As you can see from this list, you would need to a pound and a half of chicken breast to get enough vitamin B-12 from this source.  You would need to eat about four eggs or drink two cups of milk.  The goodness is that if you consume several foods containing vitamin B-12, you will probably acquire enough to meet your body’s needs.

Vitamin B-12 deficiency leads to:
Anemia
Fatigue
Constipation
Weight loss
Weakness
Loss of appetite
Neuropathy in the extremities
Poor balance
Depression
Confusion
Dementia
Poor memory
Sore tongue/mouth

Individuals who are at risk for developing vitamin B-12 deficiency include the those who may be suffering from or affected by the following:

Chronic gastritis
Autoimmune gastritis
Celiac Disease
Crohn’s disease
Gastric bypass surgery
Vegan diet
Vegetarian diet
Cardiac Disease from the Metabolic Syndrome (elevated homocysteine levels)

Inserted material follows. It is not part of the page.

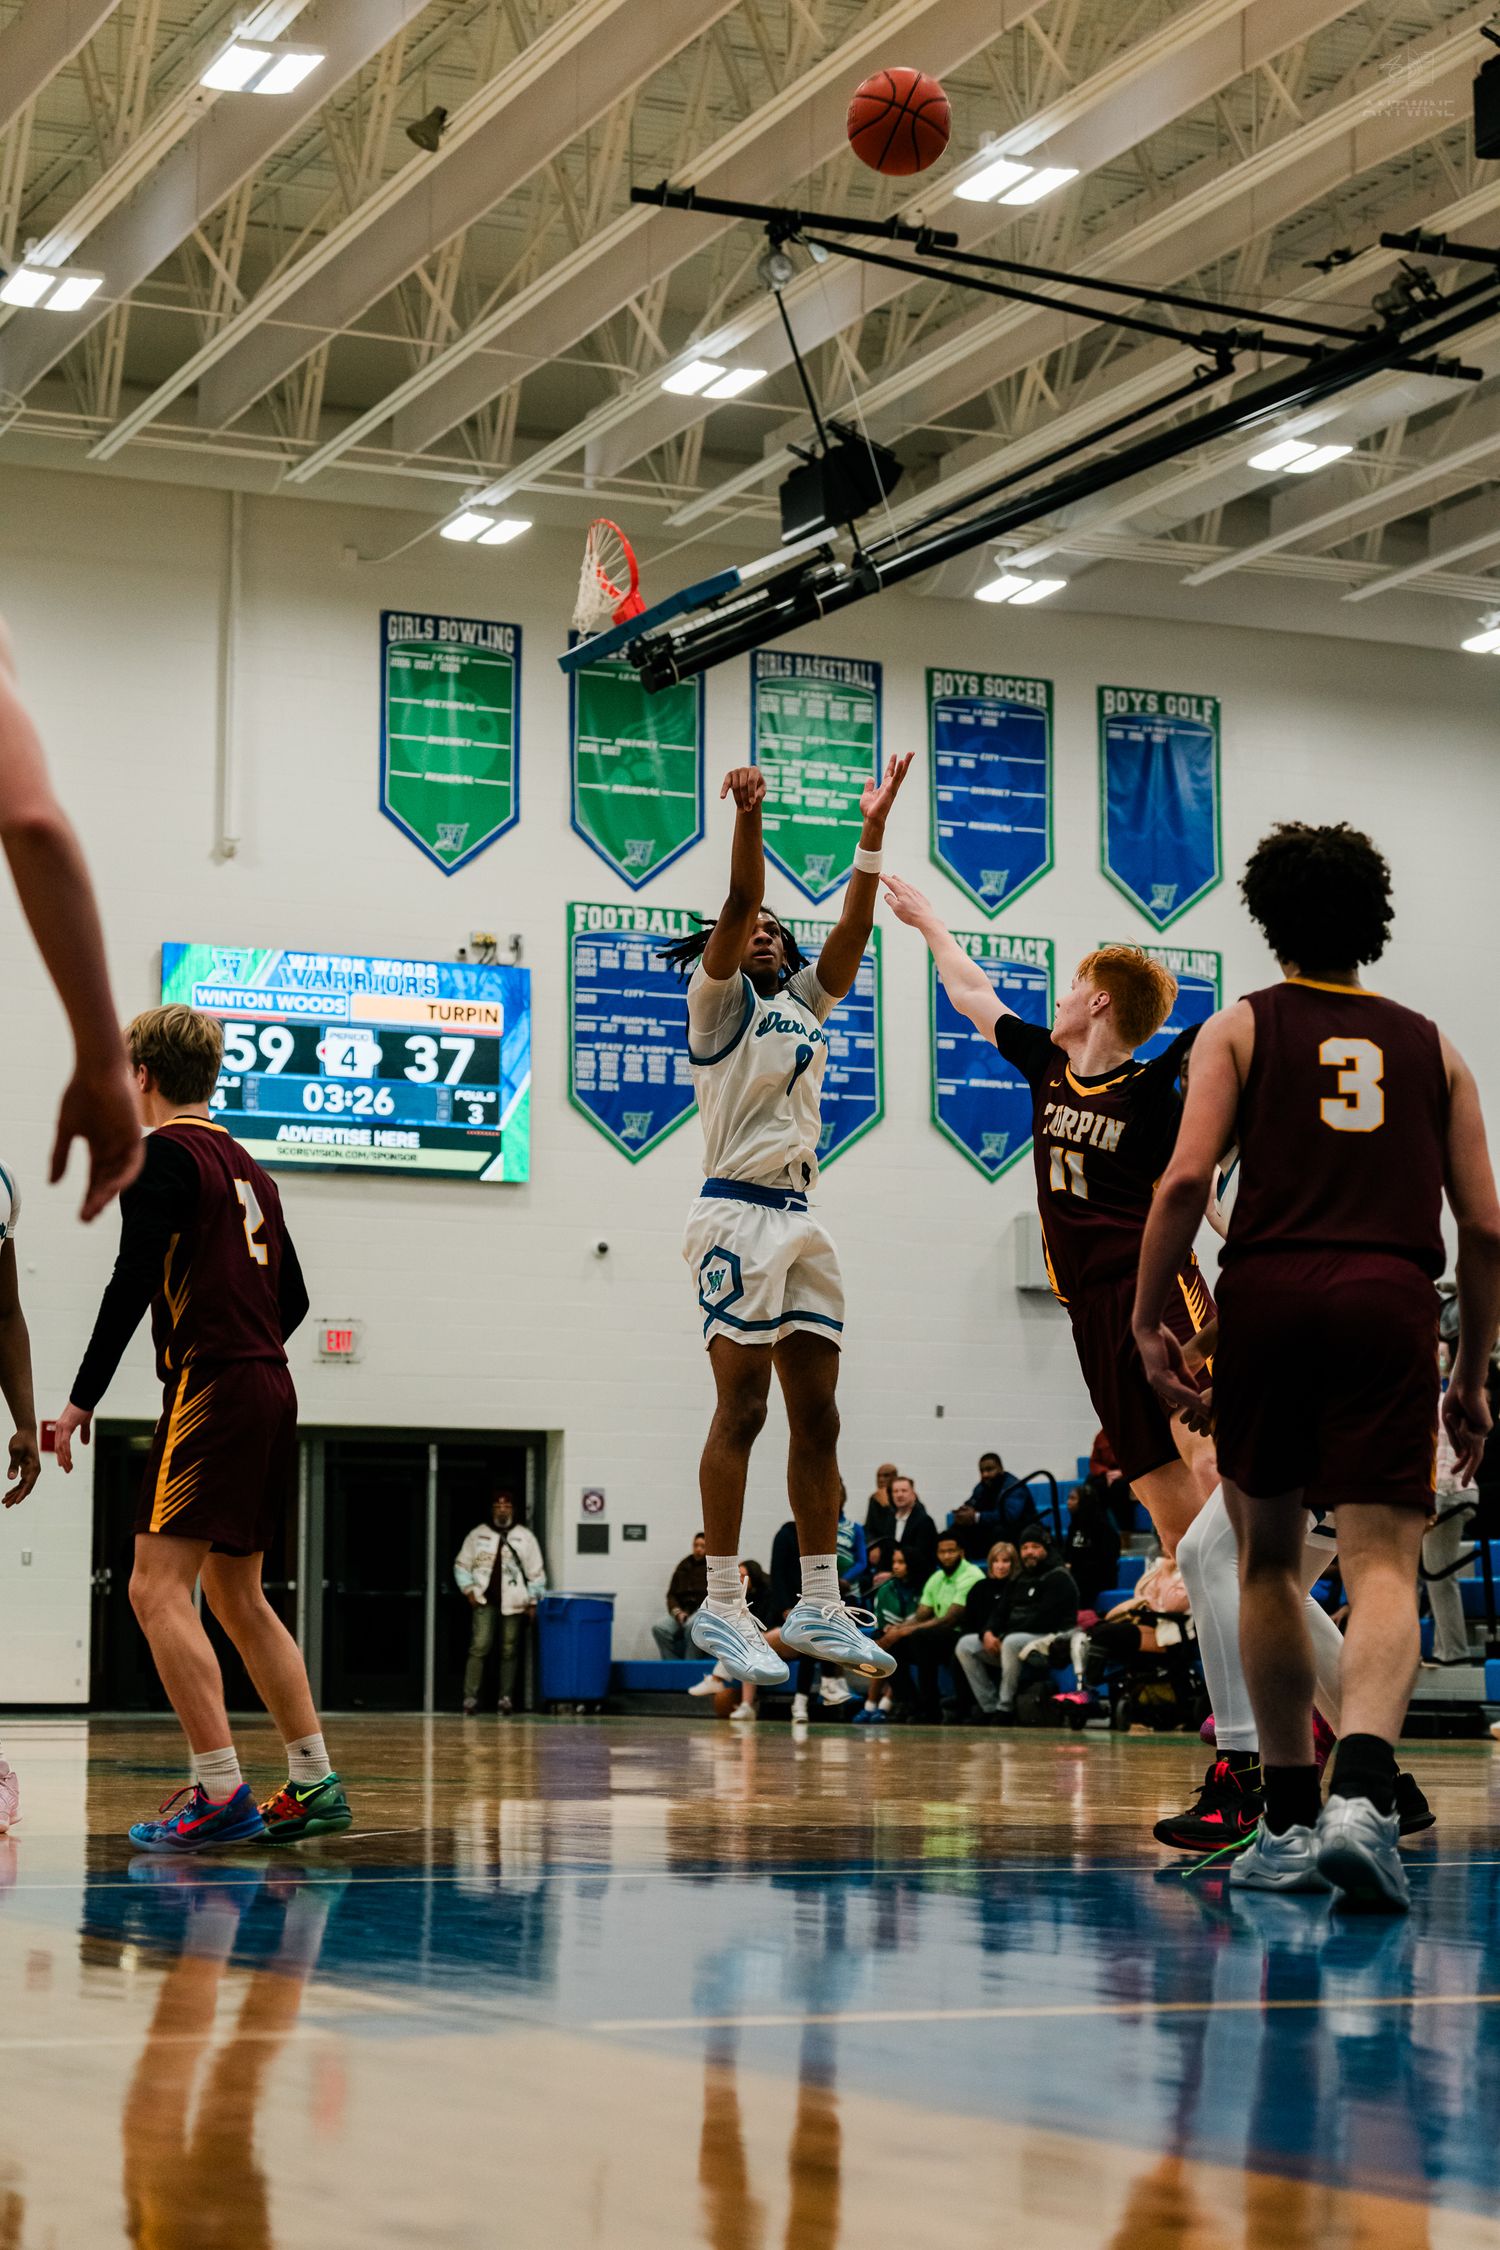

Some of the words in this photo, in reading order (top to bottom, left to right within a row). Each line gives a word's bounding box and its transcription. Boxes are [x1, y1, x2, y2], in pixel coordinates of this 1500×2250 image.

Lack of Vitamin B-12 in our Diet

One of the primary reasons why we are seeing so many individuals being diagnosed with vitamin B-12 deficiency is because of the Western diet. We have been instructed to avoid red meats (the primary source of vitamin B-12). We have been advised to avoid eating seafood (a great source of vitamin B-12) due to heavy metal toxicity or it is too expensive to serve with any regularity. We have been advised to avoid saturated fats (there go the eggs and cheese). The primary meat on the dining room table today is chicken breast and it contains very little vitamin B-12 as you can see from the chart above.

Fruits, vegetables and grains do not contain any appreciable vitamin B-12 and these foods, along with boneless, skinless chicken breast, now make up the vast majority of our daily caloric intake. Additionally, we are seeing more and more vegans and vegetarians who are avoiding all the primary sources of vitamin B-12 in their diets.

What are we to do? I advise patients to take a sublingual vitamin B-12 supplement (one 1000 microgram tablet) once per week to guarantee adequate intake of this very important vitamin. Even though that seems like such a high dose, we only absorb about 20 micrograms out of that 1000 micrograms. Luckily, we can store it up for the days we don’t get any in our diet or take a supplement. Having extra vitamin B-12 stored in our bodies does not seem to have any known adverse issues for us.

Finally, get a blood test once every year or two to make sure you are getting enough vitamin B-12. Once, you have developed dementia or peripheral neuropathy from this deficiency, some of the nerve damage is not reversible. Prevention is key. I hope this is helpful for you.